These entries are to be retyped in full, word for word.
*** Begin section ***
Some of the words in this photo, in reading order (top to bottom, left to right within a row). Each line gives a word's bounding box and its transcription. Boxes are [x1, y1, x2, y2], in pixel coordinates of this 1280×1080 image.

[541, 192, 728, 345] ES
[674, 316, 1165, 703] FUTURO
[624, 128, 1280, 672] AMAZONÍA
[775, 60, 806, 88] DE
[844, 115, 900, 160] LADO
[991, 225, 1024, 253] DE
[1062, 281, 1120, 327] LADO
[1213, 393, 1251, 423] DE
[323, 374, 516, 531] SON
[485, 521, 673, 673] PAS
*** End section ***
> _ANSWER BOX_:
Some of the words in this photo, in reading order (top to bottom, left to right within a row). Each line gives a word's bounding box and its transcription. Boxes are [x1, y1, x2, y2], in pixel coordinates of this 1280×1080 image.

[541, 192, 728, 345] ES
[674, 316, 1165, 703] FUTURO
[624, 128, 1280, 672] AMAZONÍA
[775, 60, 806, 88] DE
[844, 115, 900, 160] LADO
[991, 225, 1024, 253] DE
[1062, 281, 1120, 327] LADO
[1213, 393, 1251, 423] DE
[323, 374, 516, 531] SON
[485, 521, 673, 673] PAS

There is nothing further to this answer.